I can't see our Genealogical Society of Victoria marching anywhere bearing arms - but we have them! In 1941 a logo with a tree trunk emblazoned on a quaint tilted shield was adopted. In the early 1960s the GSV endorsed four special interest groups, one of which was the Heraldry Group. Then in 1986 the GSV acquired its current coat of arms through official British channels. That there was some tension between budding republicans and monachists had been shown when, at the GSV's Colonial Dinner in 1985, the National Anthem tape was sabotaged by someone reinstating 'God Save the Queen' for the newly adopted 'Advance Australia Fair'. 

 

Coat of Arms of the GSV

 

The GSV's coat of arms, or Ensigns Armorial, was designed and granted to The Genealogical Society of Victoria by the Court of the Lord Lyon of Scotland, King of Arms on 1 March 1986. It is described as:

 

Azure, five mullets [stars], one of eight, two of seven, one of six and one of five points Argent (representing the constellation of the Southern Cross), on a chief Gules, a pale of the Second charged of an oak tree Proper issuing from a mount Vert, and fructed Or, between two acorns slipped of the Last. Above the Shield is placed an Helm, suitable to an incorporation (videlice: a sallet [helmet] Proper lined Gules), with a Mantling Azure doubled Argent, and on a wreath of the Liveries, is set for Crest on a mound of pink heather a male lyre bird close and in display Proper holding in its beak an acorn slipped Or, and in an Escrol over the same this Motto: "GENEALOGI SEMPER VIGILES". 
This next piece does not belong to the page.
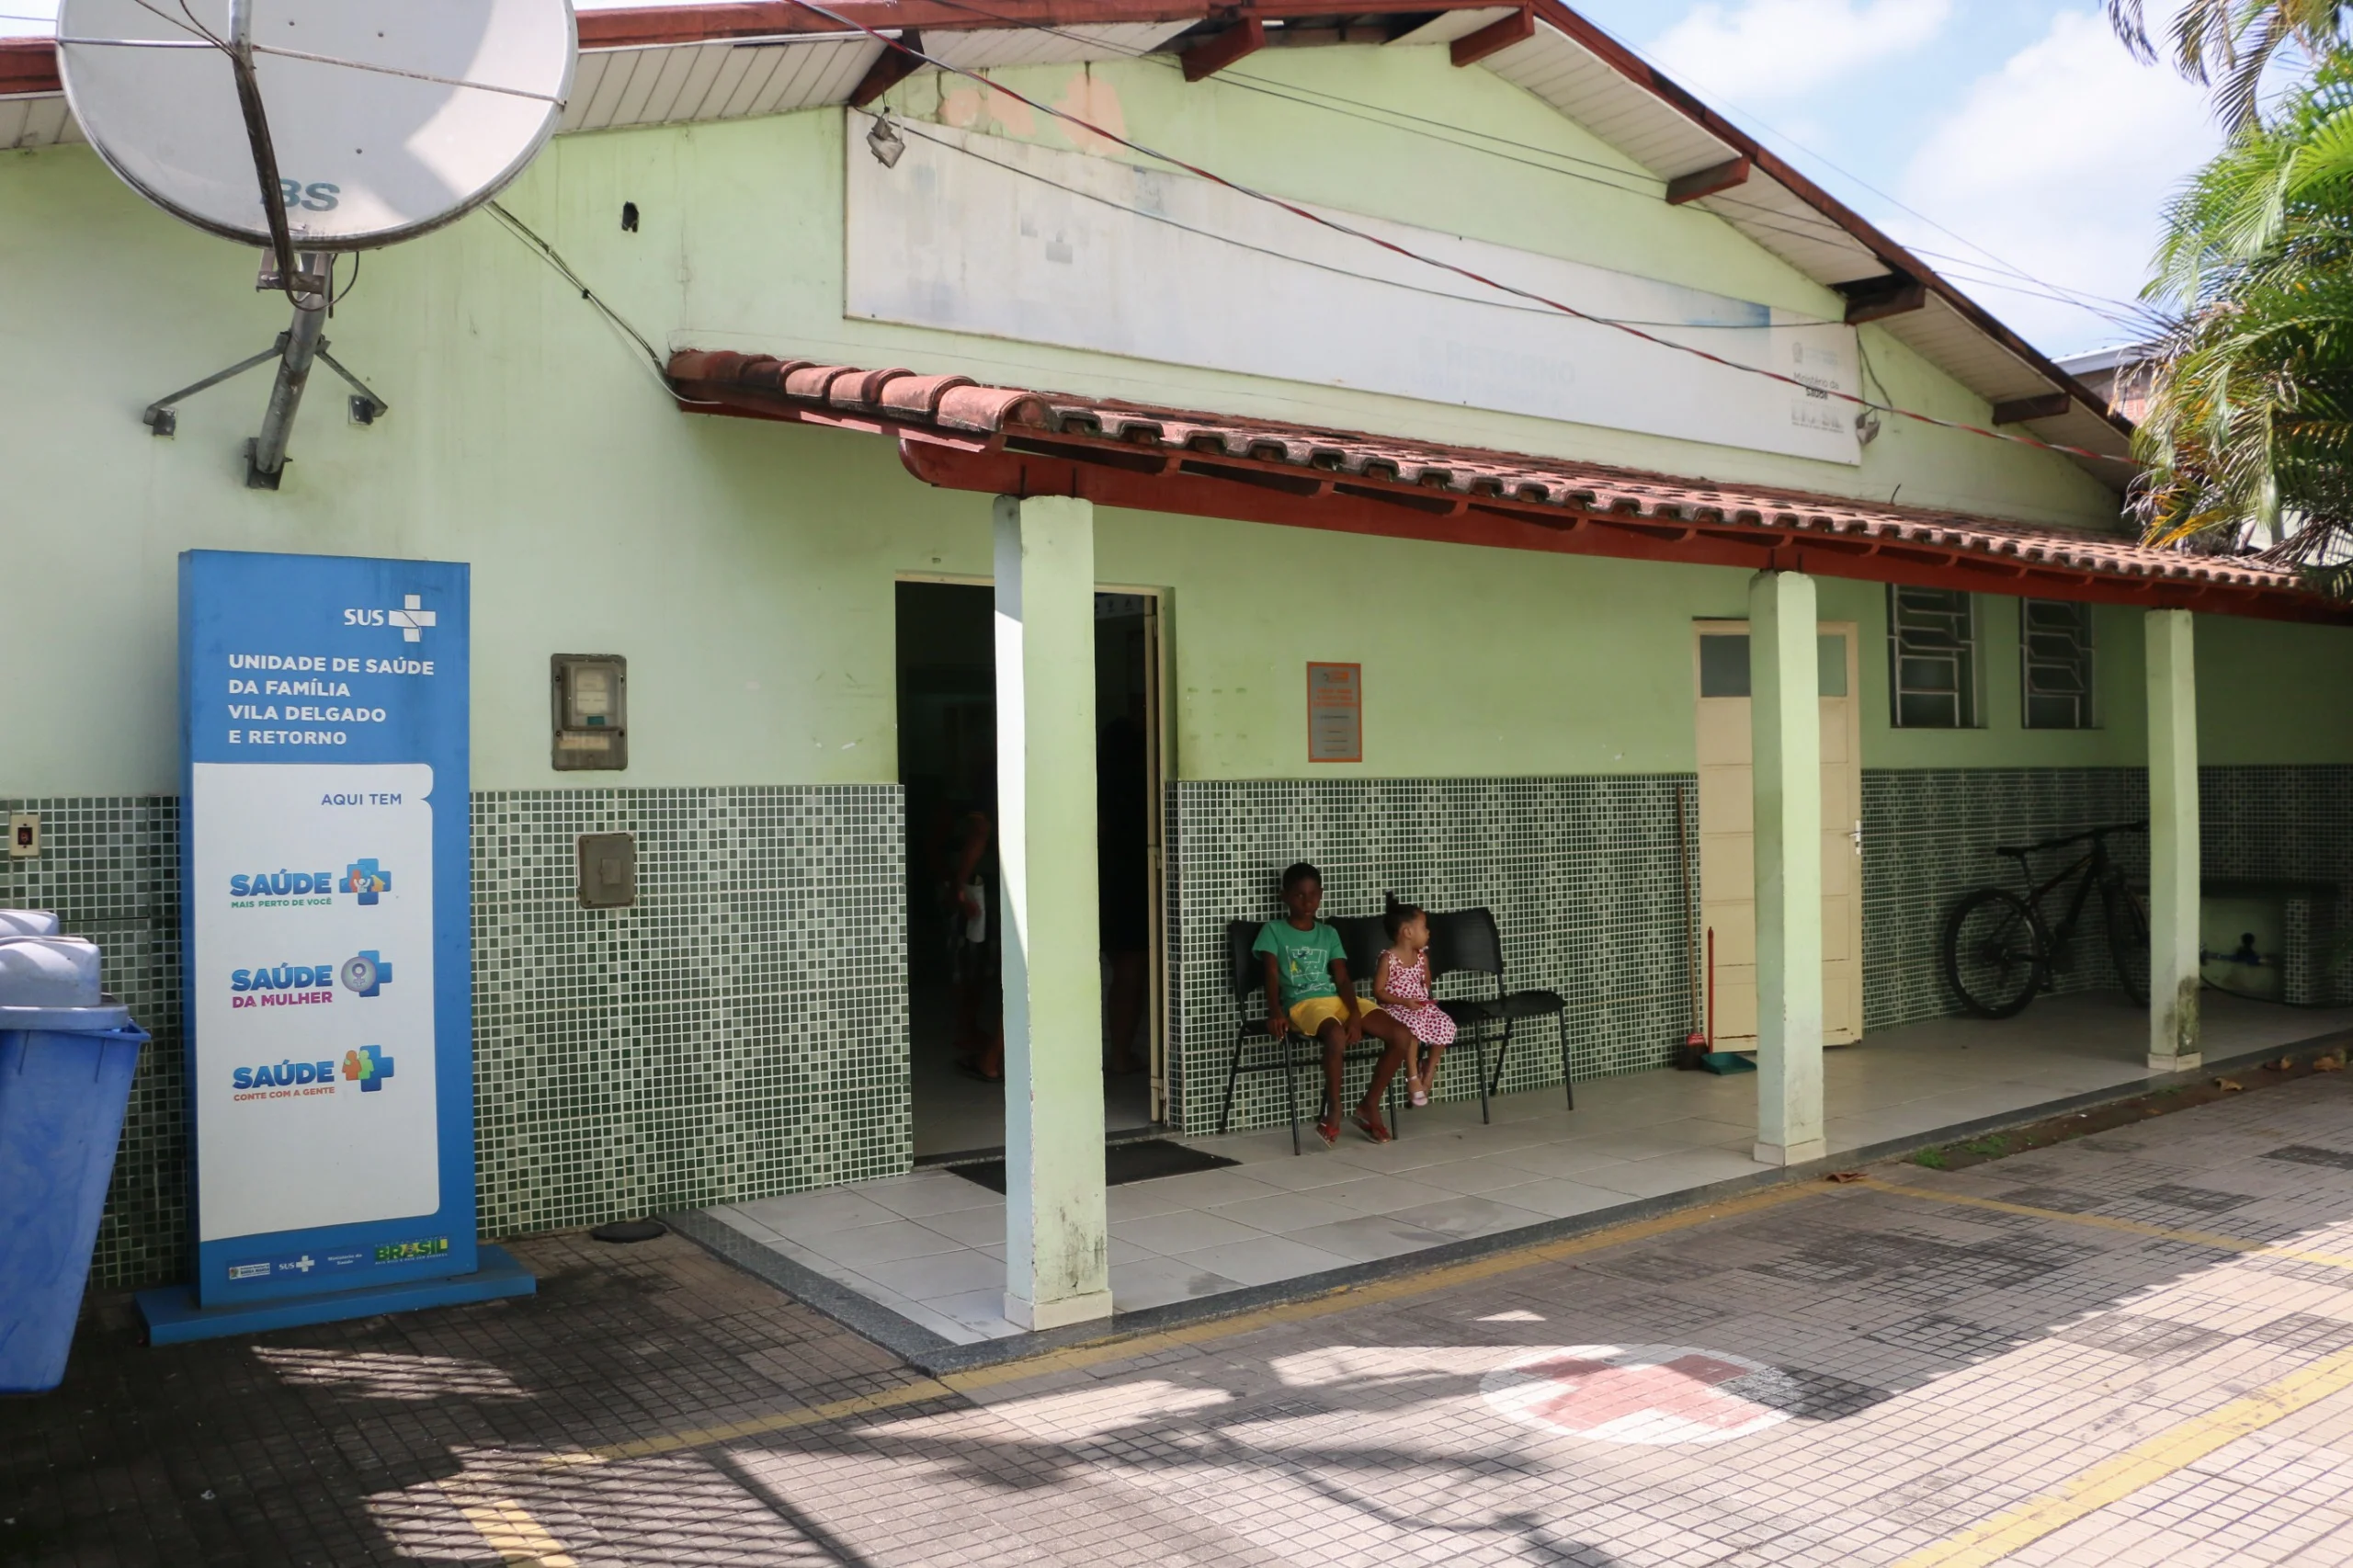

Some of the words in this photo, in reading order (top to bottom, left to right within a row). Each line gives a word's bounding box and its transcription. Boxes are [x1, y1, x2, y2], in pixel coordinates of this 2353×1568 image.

Public Register of all Arms and Bearings in Scotland, 69th volume, page 20.

 

The Shield was based on the arms of the State of Victoria with an oak tree added to represent genealogy. The oak tree is a long-lived tree and its fruit, the acorns, represents the seed origin of the tree from which continuing generations of oak trees and acorn seed will spring. The Crest comprises two parts, the Device, which shows the lyrebird, native of Victoria with an acorn in its beak, and the Mount which incorporates the Pink Heath, the floral emblem of Victoria.

 

The Motto, Genealogi Semper Vigiles, translates from Latin to 'genealogists always watchful'and is a play on the initials of the Society.

 

Apparently if you fancy having a coat of arms you can just design your own - whilst being careful not to infringe trade marks. 

 

The Australian Heraldry Society website has an interesting discussion about the authority of granting arms. The Australian PM issued advice in 2018 that: 'There is nothing preventing any person or organisation from commissioning a local artist, graphics studio or heraldry specialist to design and produce a coat of arms or identifying symbol. Those arms would have the same standing and authority in Australia as arms prepared by the College of Arms in England.'

 

However like an 'Engrish' T-shirt, or when co-opting any language, it will help if you know what various symbols you use could be taken to mean. The Australian Heraldry Society could help (https://www.heraldryaustralia.org/your-arms). 

 

When you design your avatar take careful note of the powers and attributes you assign. But your game-playing kids will know all about that.

 

Bill Barlow

***

Ref. 

Amateurs and Experts: a history of The Genealogical Society of Victoria 1941–2001,by Elizabeth Ellen Marks, Penfolk Publishing, Blackburn, 2001.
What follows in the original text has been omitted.